A faithful transcription of all the entries below is needed, without the pictures.

(Data excerpts)
+++

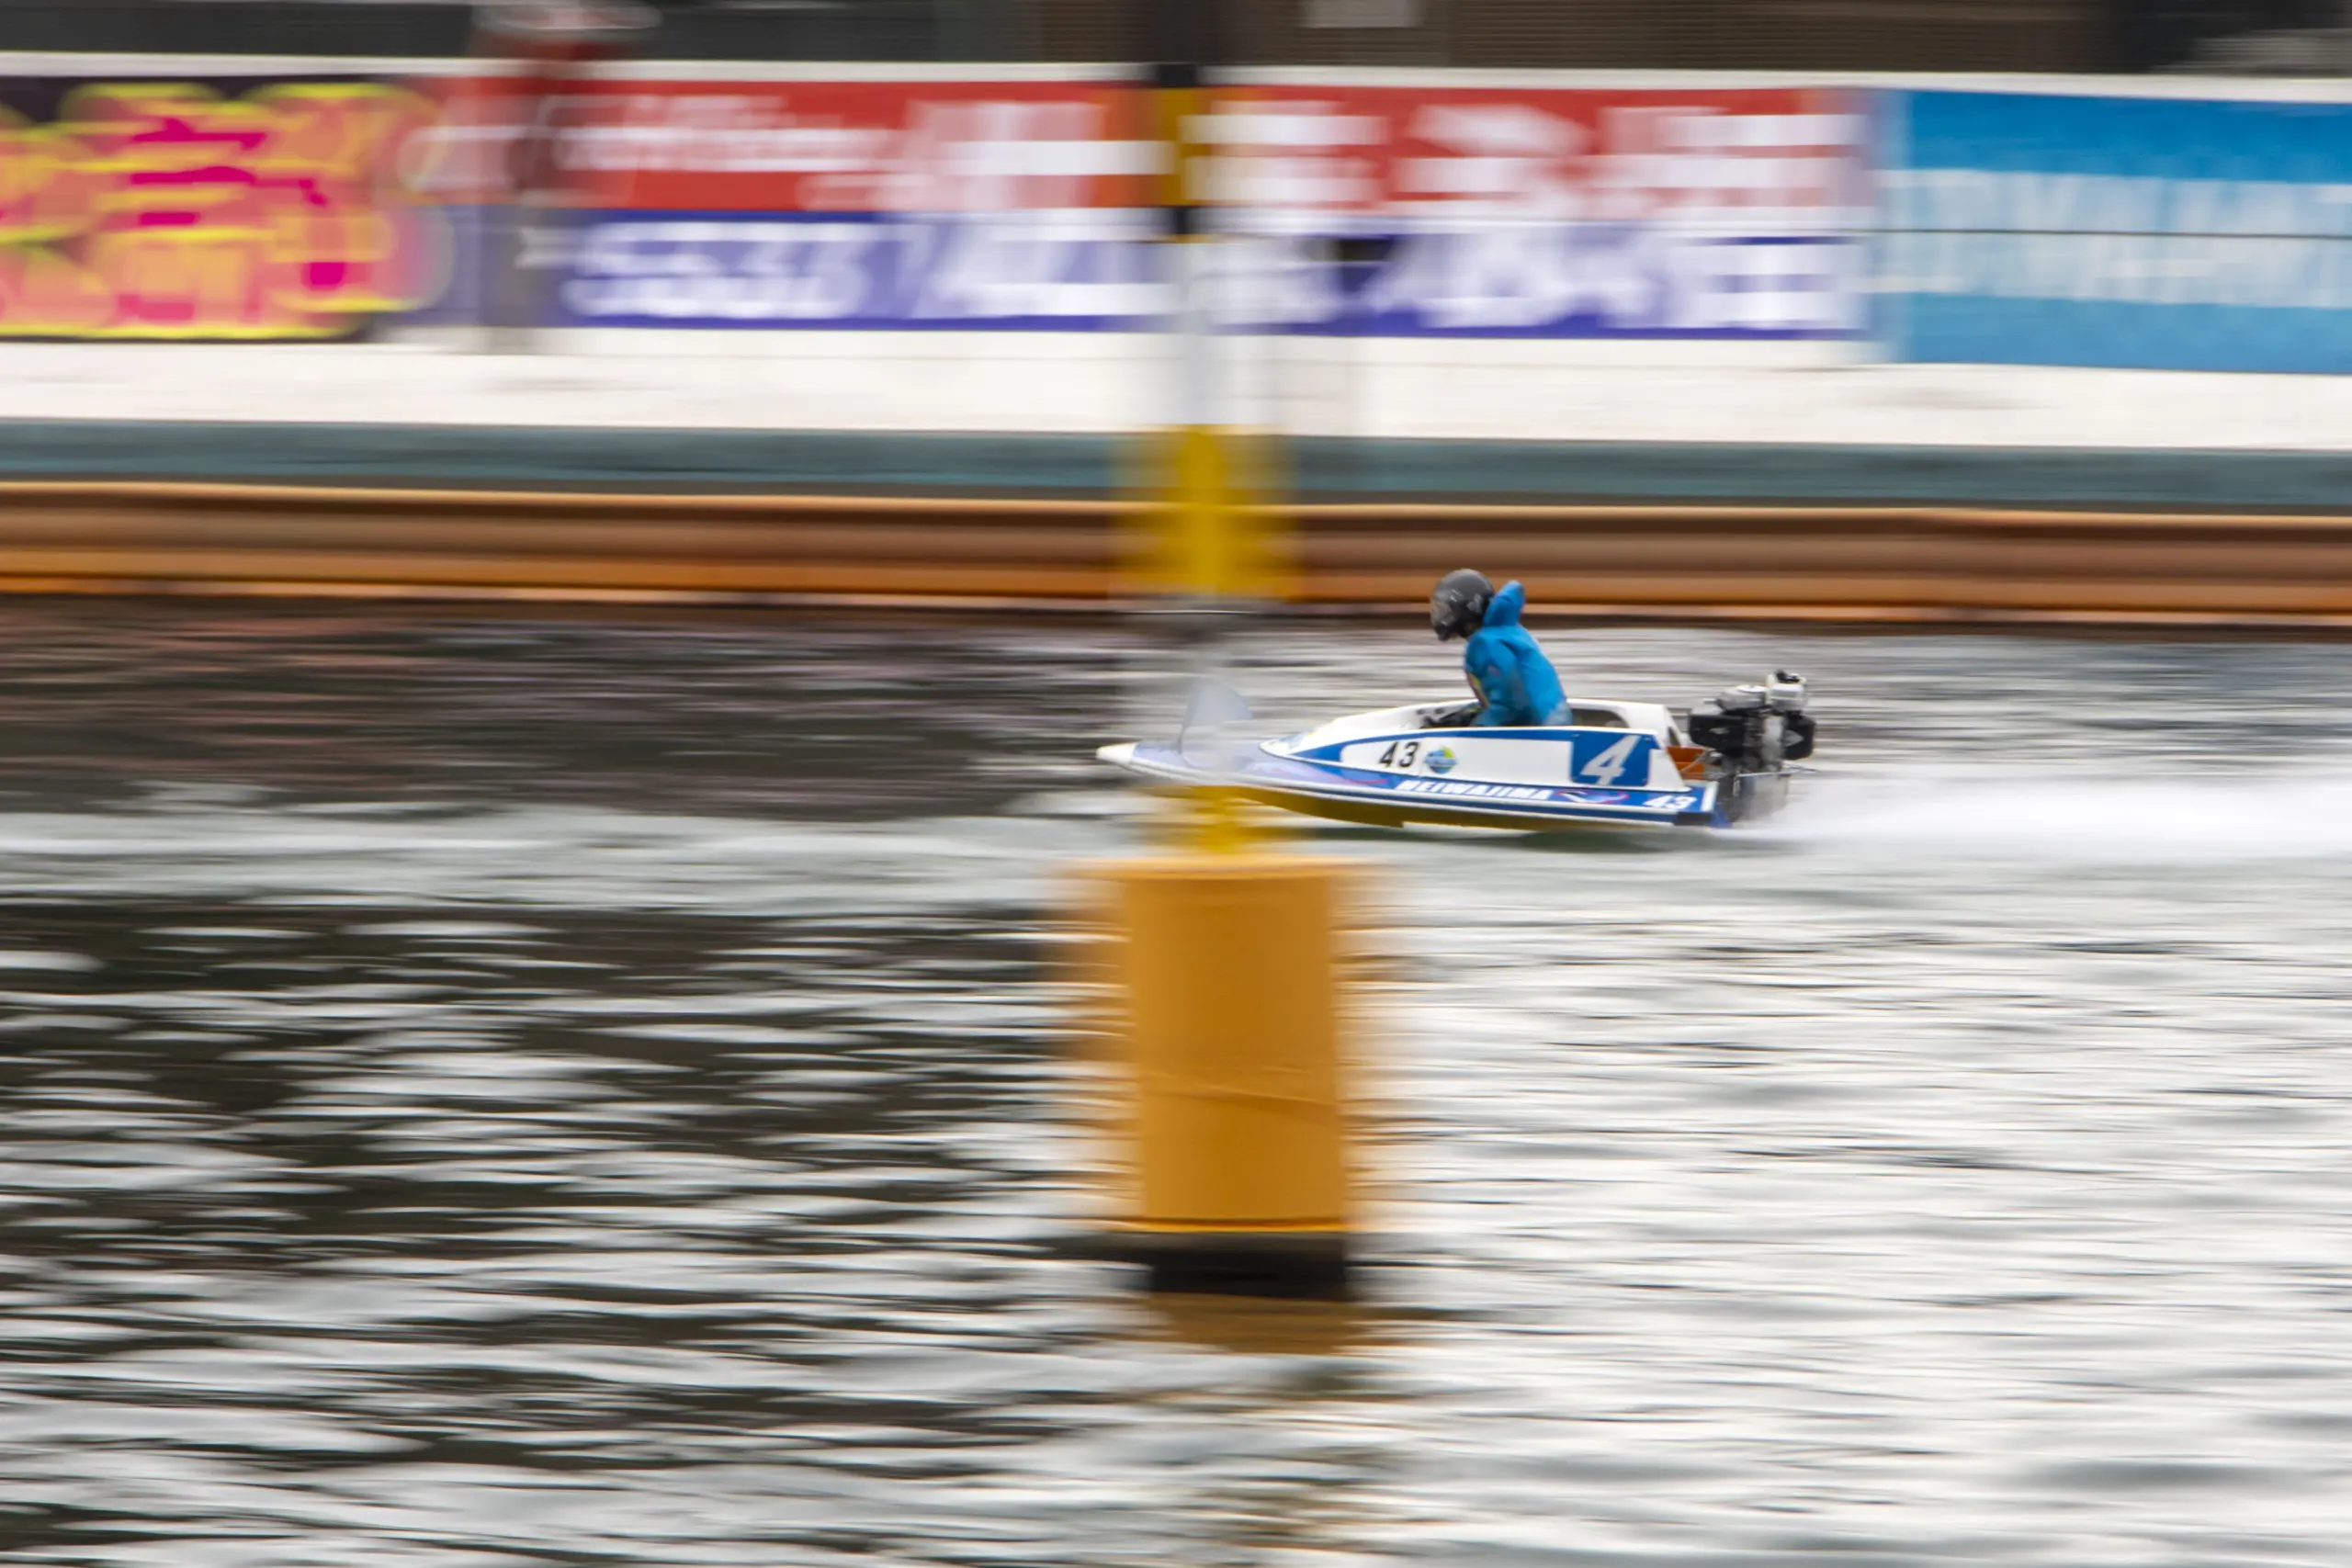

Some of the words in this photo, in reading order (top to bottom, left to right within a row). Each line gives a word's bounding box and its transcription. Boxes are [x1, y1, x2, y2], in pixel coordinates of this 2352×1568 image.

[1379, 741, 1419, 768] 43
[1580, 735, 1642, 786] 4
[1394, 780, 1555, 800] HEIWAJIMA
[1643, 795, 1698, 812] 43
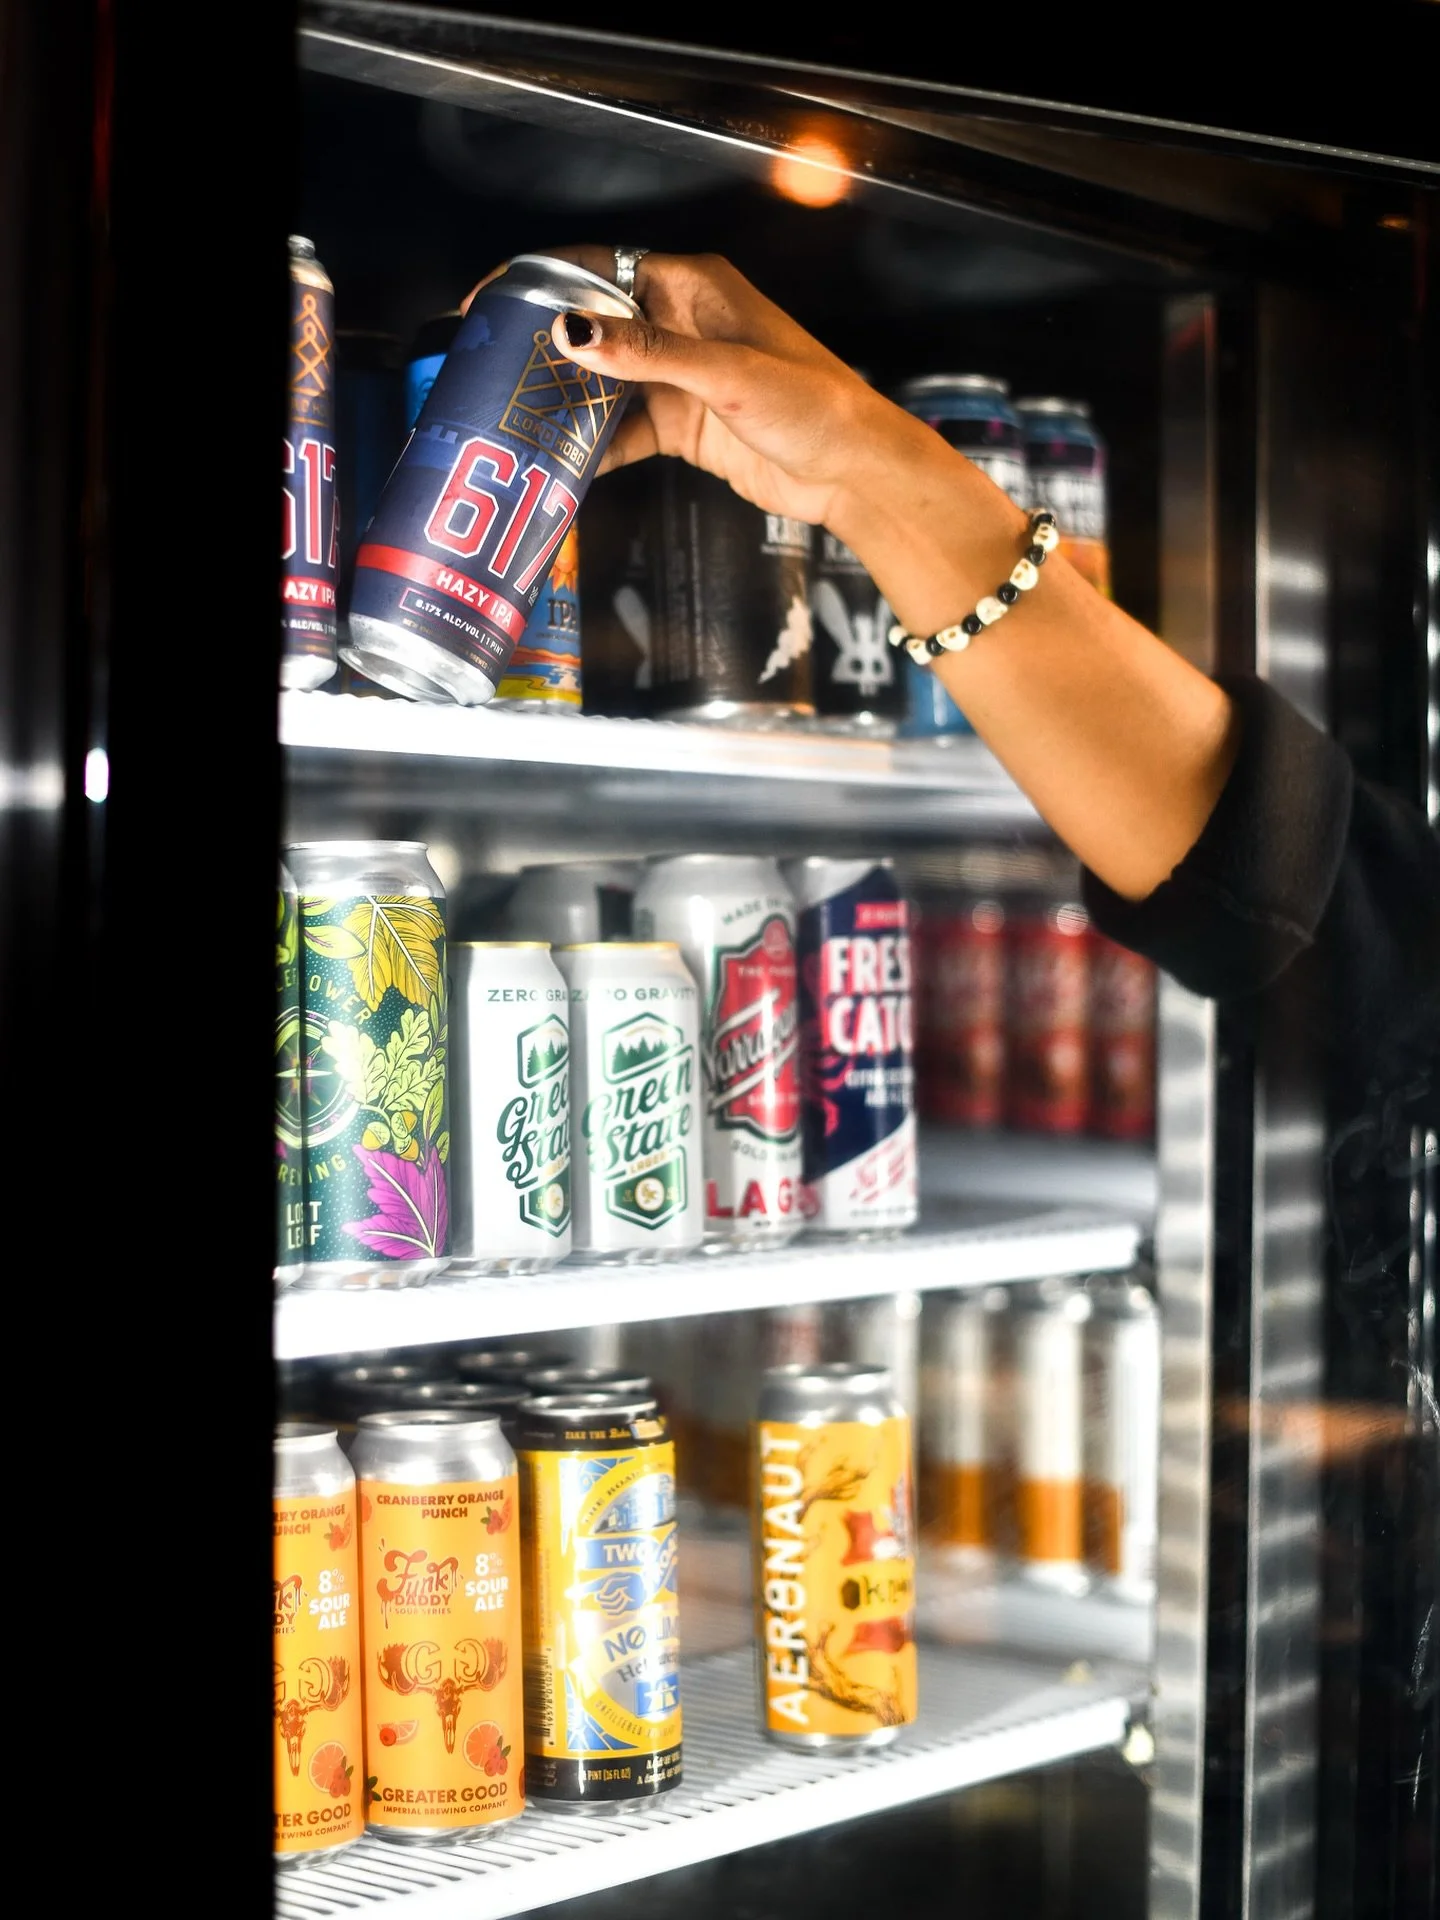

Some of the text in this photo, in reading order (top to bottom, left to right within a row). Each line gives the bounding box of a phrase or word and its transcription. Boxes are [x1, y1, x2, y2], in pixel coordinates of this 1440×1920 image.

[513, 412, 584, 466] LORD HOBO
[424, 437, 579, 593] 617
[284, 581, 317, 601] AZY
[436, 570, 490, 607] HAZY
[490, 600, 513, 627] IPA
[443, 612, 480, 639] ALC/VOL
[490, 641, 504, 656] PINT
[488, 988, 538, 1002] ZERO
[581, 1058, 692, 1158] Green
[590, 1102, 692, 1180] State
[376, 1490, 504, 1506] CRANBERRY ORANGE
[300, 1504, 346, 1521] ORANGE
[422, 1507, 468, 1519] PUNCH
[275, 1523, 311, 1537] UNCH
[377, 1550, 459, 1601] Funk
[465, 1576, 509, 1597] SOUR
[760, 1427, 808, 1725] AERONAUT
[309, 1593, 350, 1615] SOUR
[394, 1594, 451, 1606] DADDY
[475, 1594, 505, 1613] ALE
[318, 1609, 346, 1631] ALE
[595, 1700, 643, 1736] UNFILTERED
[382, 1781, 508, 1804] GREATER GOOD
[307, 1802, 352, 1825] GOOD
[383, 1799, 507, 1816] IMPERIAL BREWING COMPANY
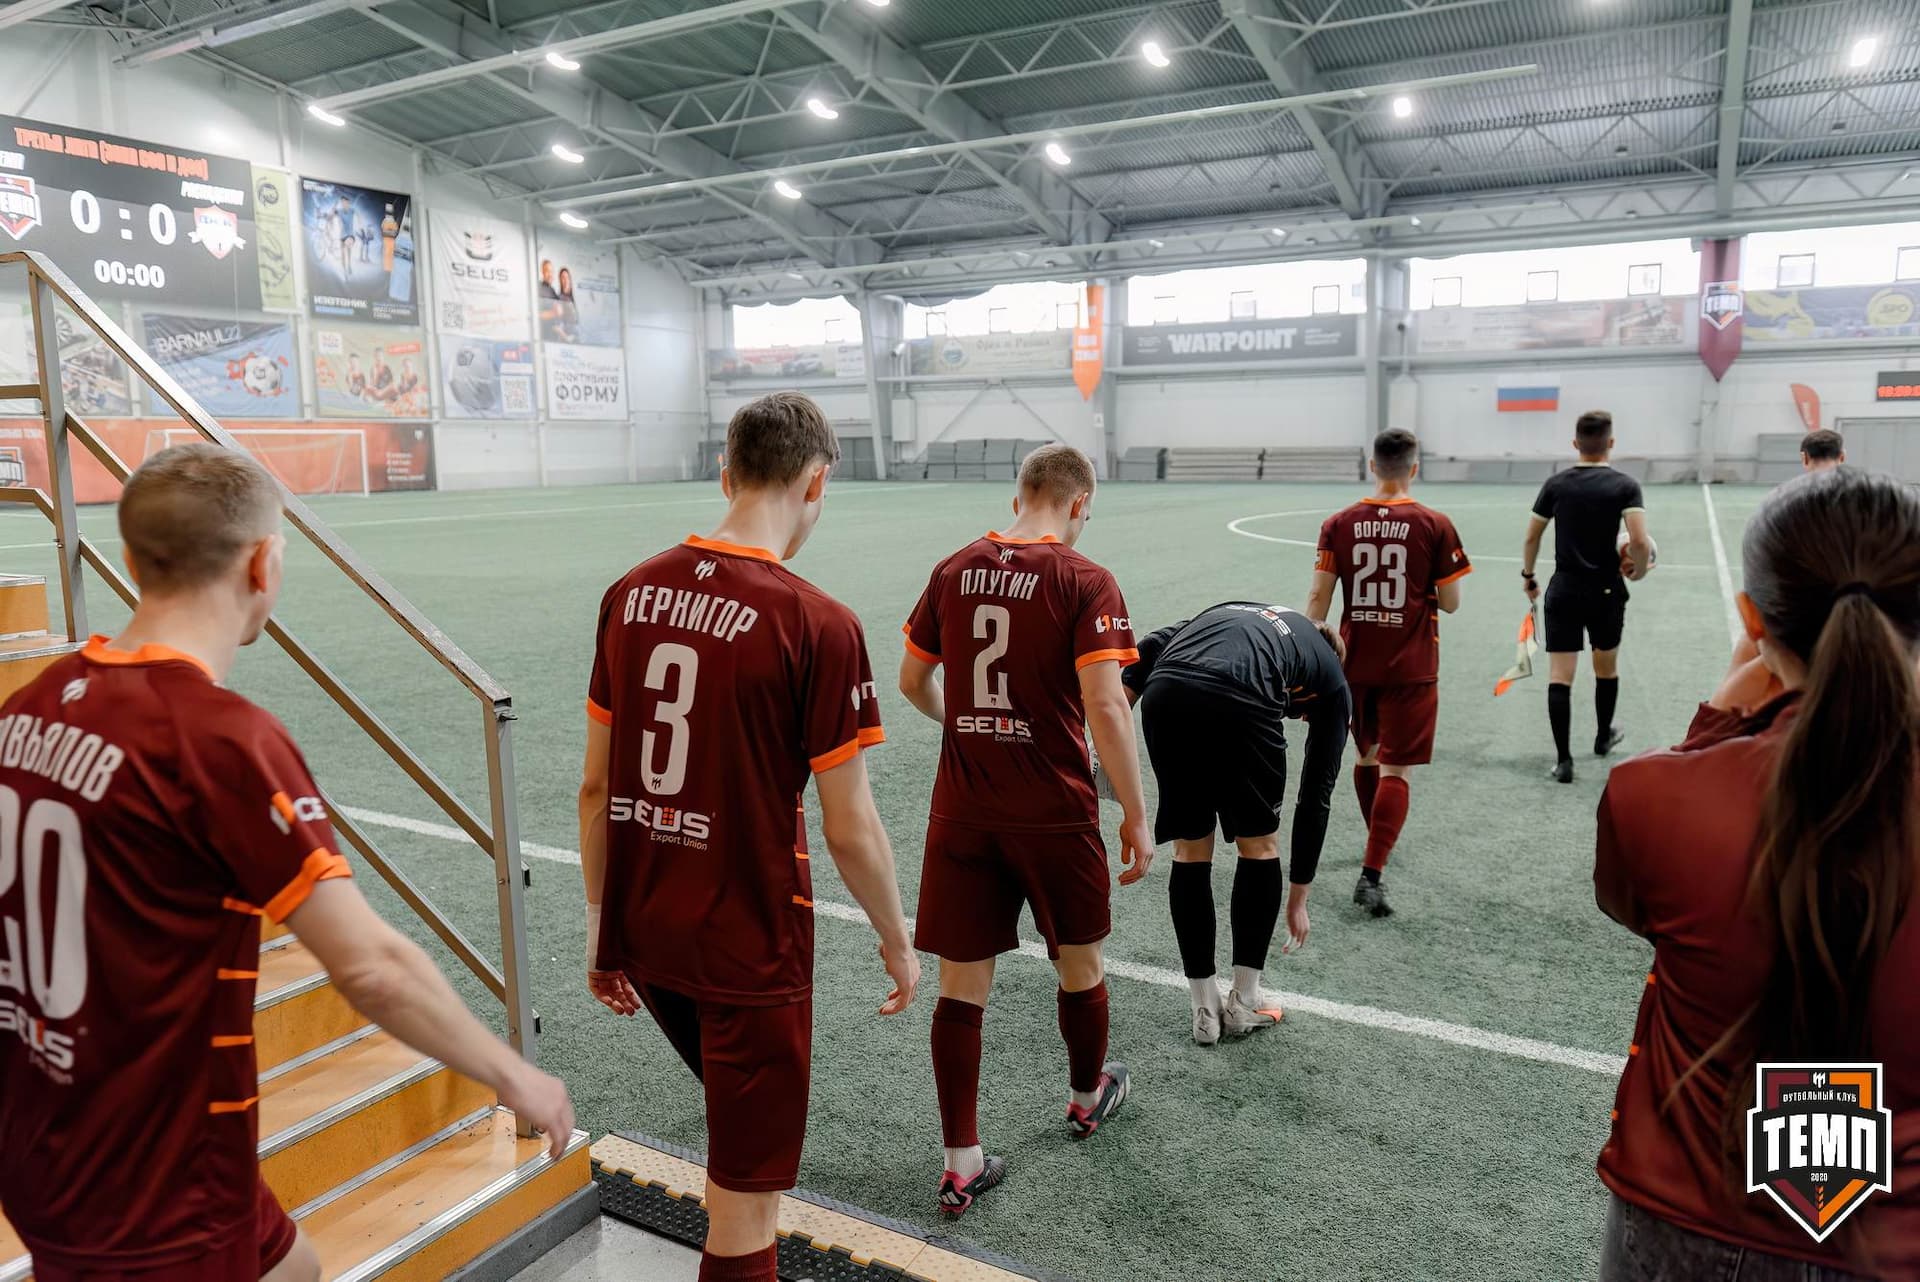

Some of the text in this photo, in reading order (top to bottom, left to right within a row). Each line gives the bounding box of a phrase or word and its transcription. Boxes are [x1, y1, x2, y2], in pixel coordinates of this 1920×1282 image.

+++

Result below:
Some of the words in this photo, in reading order (top to bottom, left to right within a row). Each line gives a word's bounding box and its transcription. Boxes are [x1, y1, x2, y2], in pixel coordinates of this 2352×1568 image.

[1379, 741, 1419, 768] 43
[1580, 735, 1642, 786] 4
[1394, 780, 1555, 800] HEIWAJIMA
[1643, 795, 1698, 812] 43

Some of the text in this photo, in reading order (top to bottom, left to right within a row). Each line gives the bounding box of a phrase or word and its transcription. Boxes are [x1, y1, x2, y2], in pixel coordinates of this 1440×1920 image.

[513, 412, 584, 466] LORD HOBO
[424, 437, 579, 593] 617
[284, 581, 317, 601] AZY
[436, 570, 490, 607] HAZY
[490, 600, 513, 627] IPA
[443, 612, 480, 639] ALC/VOL
[490, 641, 504, 656] PINT
[488, 988, 538, 1002] ZERO
[581, 1058, 692, 1158] Green
[590, 1102, 692, 1180] State
[376, 1490, 504, 1506] CRANBERRY ORANGE
[300, 1504, 346, 1521] ORANGE
[422, 1507, 468, 1519] PUNCH
[275, 1523, 311, 1537] UNCH
[377, 1550, 459, 1601] Funk
[465, 1576, 509, 1597] SOUR
[760, 1427, 808, 1725] AERONAUT
[309, 1593, 350, 1615] SOUR
[394, 1594, 451, 1606] DADDY
[475, 1594, 505, 1613] ALE
[318, 1609, 346, 1631] ALE
[595, 1700, 643, 1736] UNFILTERED
[382, 1781, 508, 1804] GREATER GOOD
[307, 1802, 352, 1825] GOOD
[383, 1799, 507, 1816] IMPERIAL BREWING COMPANY

Some of the text in this photo, in reading order (top to bottom, left to right within a row). Each line gives the bounding box of a phrase or word and its transcription. Boxes are [x1, y1, x2, y2], in pixel coordinates of this 1920×1282 image.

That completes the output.